16 June - update from our investment partner
- 16th June 2020
What has happened
Risk appetite had a remarkable turnaround yesterday with the US index futures off more than 3% in the morning but rallying to close almost 1% up.
Animal spirits return to hope
There were two headlines that distracted markets from the uptick in US COVID-19 new case growth which remains stubbornly high. Firstly a story that the US may allow domestic companies to work with Huawei over 5G, suggesting a thawing of recent tensions. Secondly, the Federal reserve said it would start purchasing corporate bonds directly after previously focusing on ETFs. It was the latter news that really spurred markets despite this already having been announced as part of the Secondary Market Corporate Credit Facility. As part of this programme the Fed can buy, in addition to ETFs, US corporate bonds which are less than 5 years to maturity and either investment grade quality or a fallen angel (a recent investment grade downgrade into high yield).
US cases continue to present a clouded outlook
Investors are focusing on the hot spot US states which have new case growth of c. 2% per day, these are Texas, Florida, California and Arizona with the latter seeing the largest daily increases. The governor of California has acknowledged the pick up but did note that the rate of positive tests is falling and they would take steps to stay ahead of areas where there is a flare up. Globally there have been reporting lags around the weekend so markets will be watching closely to see what the Tuesday and Wednesday figures show in terms of viral spread.
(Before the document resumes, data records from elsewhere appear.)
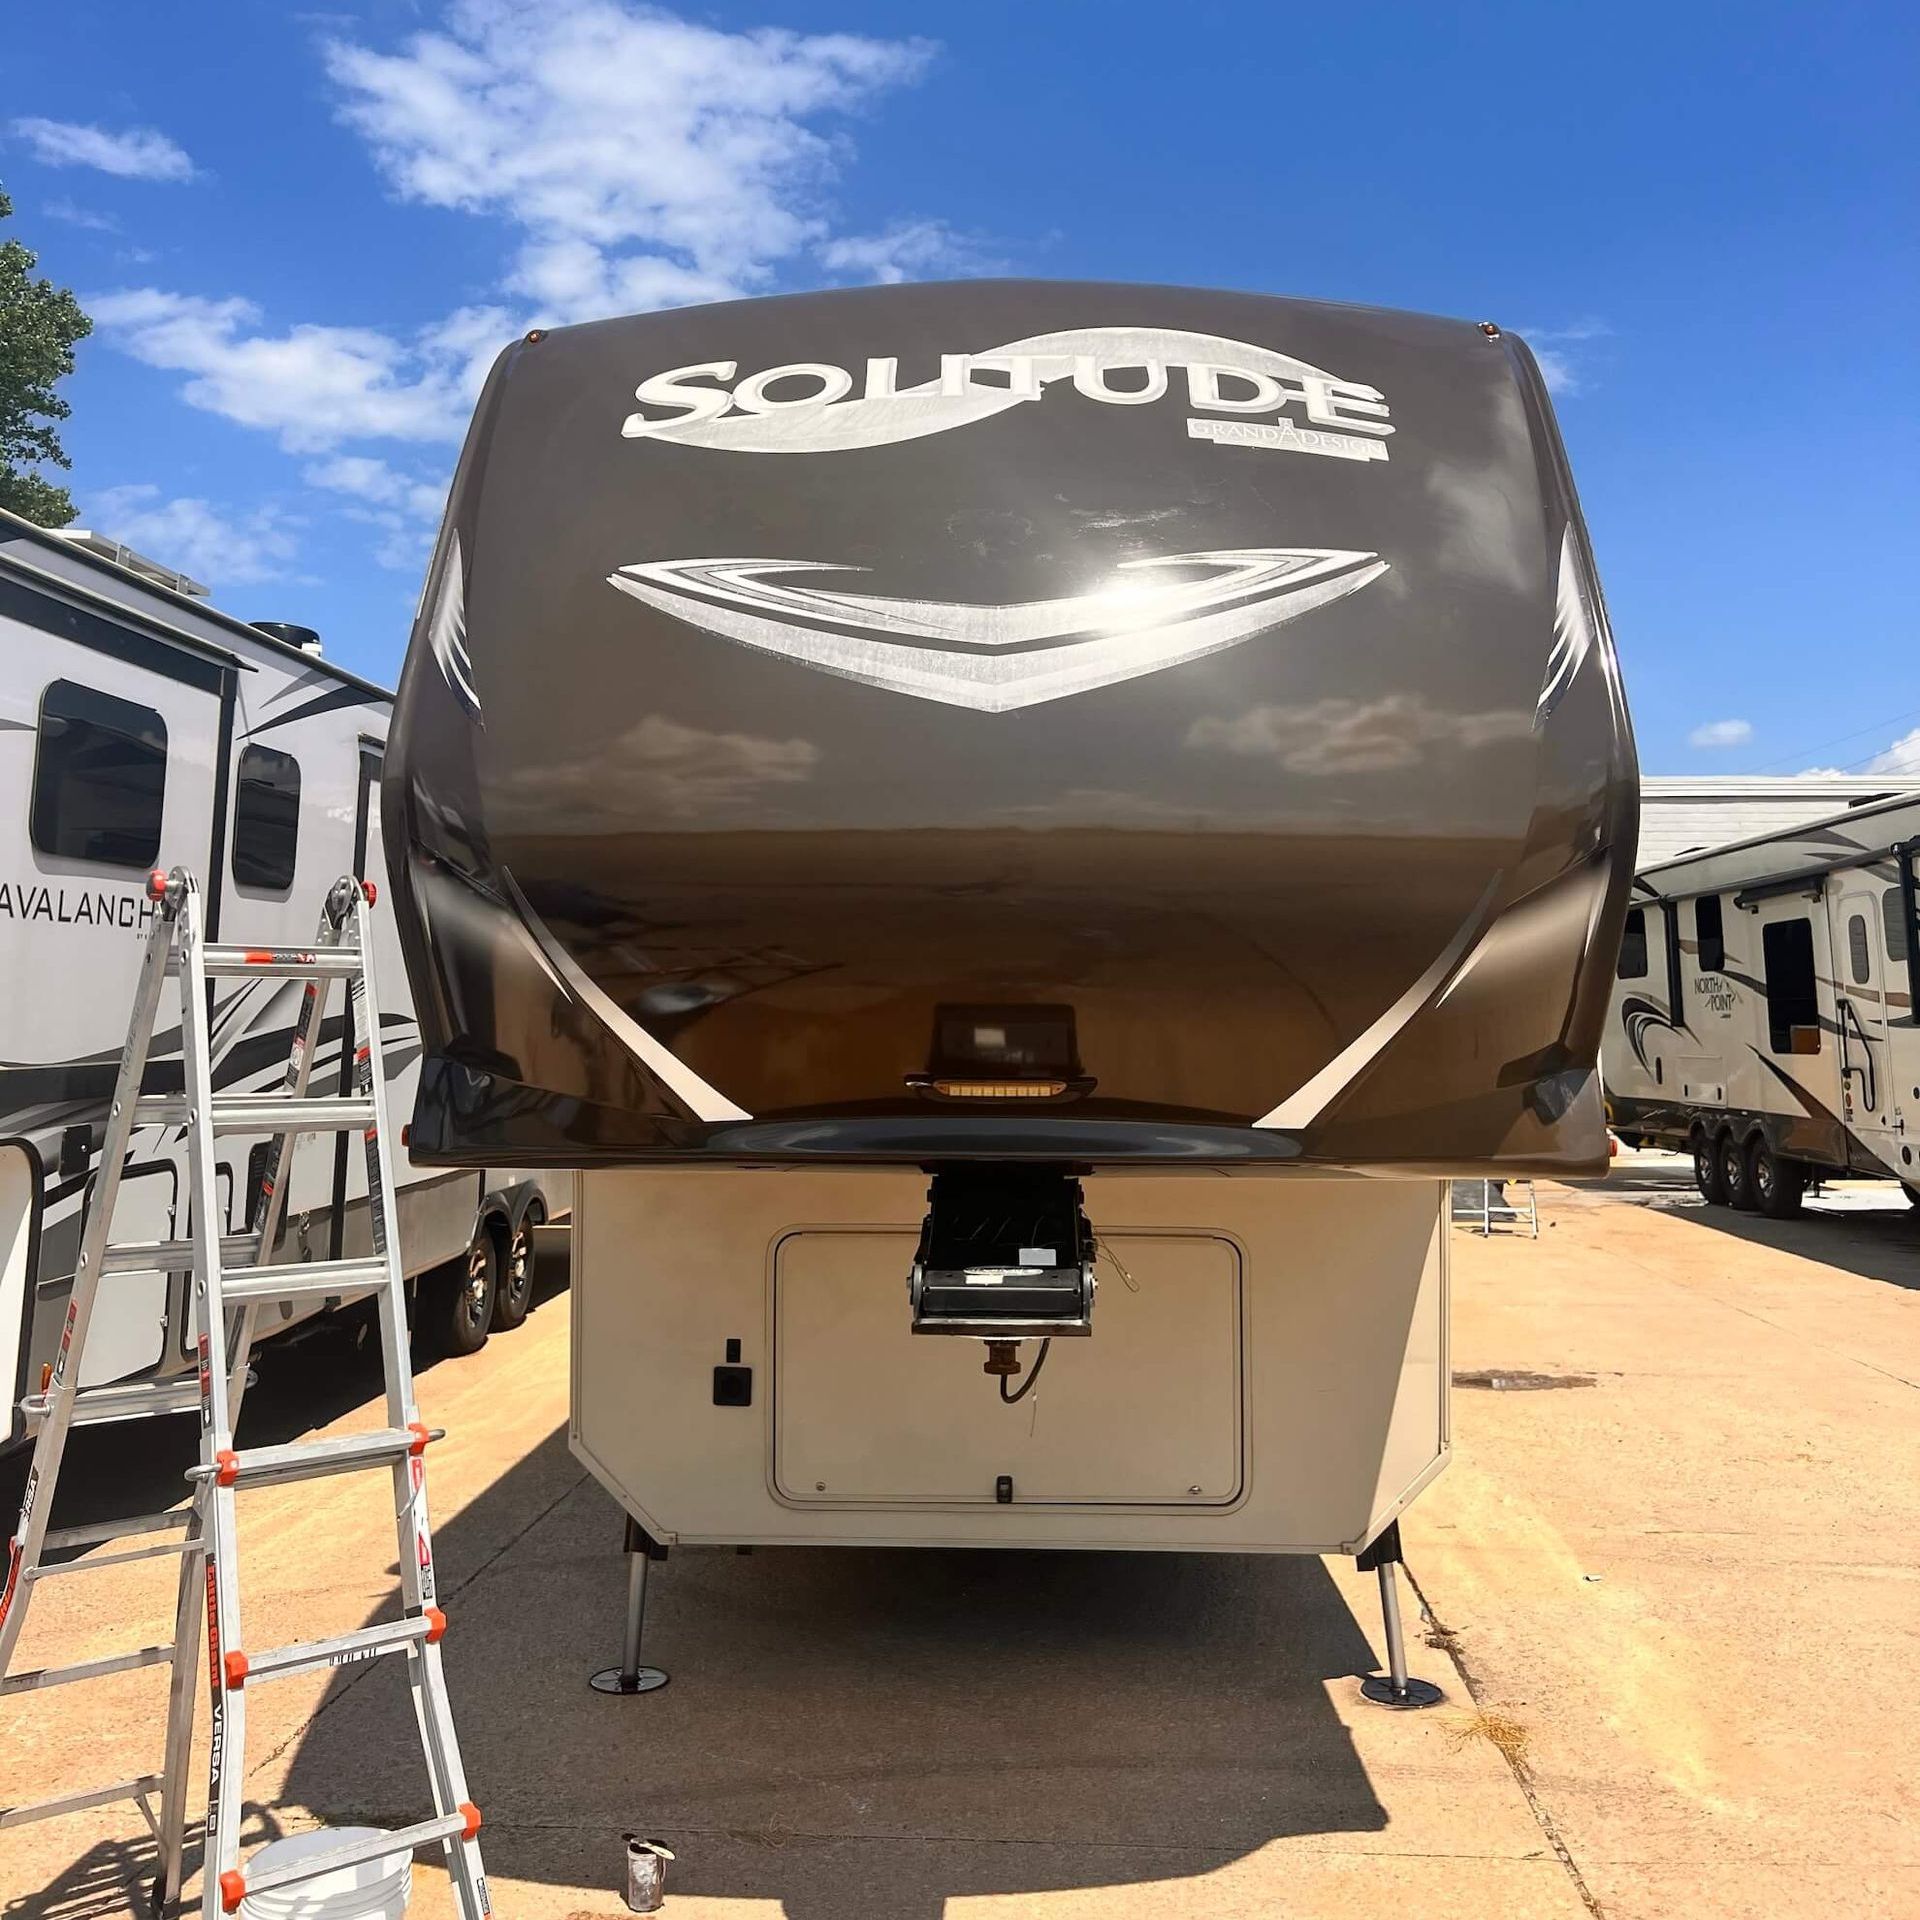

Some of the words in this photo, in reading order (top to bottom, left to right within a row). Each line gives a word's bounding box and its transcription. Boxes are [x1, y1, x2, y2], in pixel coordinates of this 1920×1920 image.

[621, 353, 1396, 437] SOLITUDE
[0, 883, 154, 929] AVALANCH
[1694, 977, 1719, 994] NORTH
[1710, 994, 1732, 1011] POINT
[211, 1703, 223, 1785] VERSA
The high-level meeting took place yesterday between the UK Prime Minister and Presidents of the European Commission, European Council and European Parliament. The tone after the meeting was positive with Boris Johnson signalling that he wants a trade deal agreed in principle by the end of July. This is of course very ambitious but does suggest that Johnson wants to remove some Brexit uncertainty to ensure the economy does not need to deal with additional ambiguity as it starts to reopen.
What does Brooks Macdonald think
The huge surge in money supply that we have seen spurred equities in April and May. Yesterday’s announcement from the Fed was intended to remind markets that despite the more downbeat tone of the Fed meeting last week, the central bank would continue to support risk assets and the economy.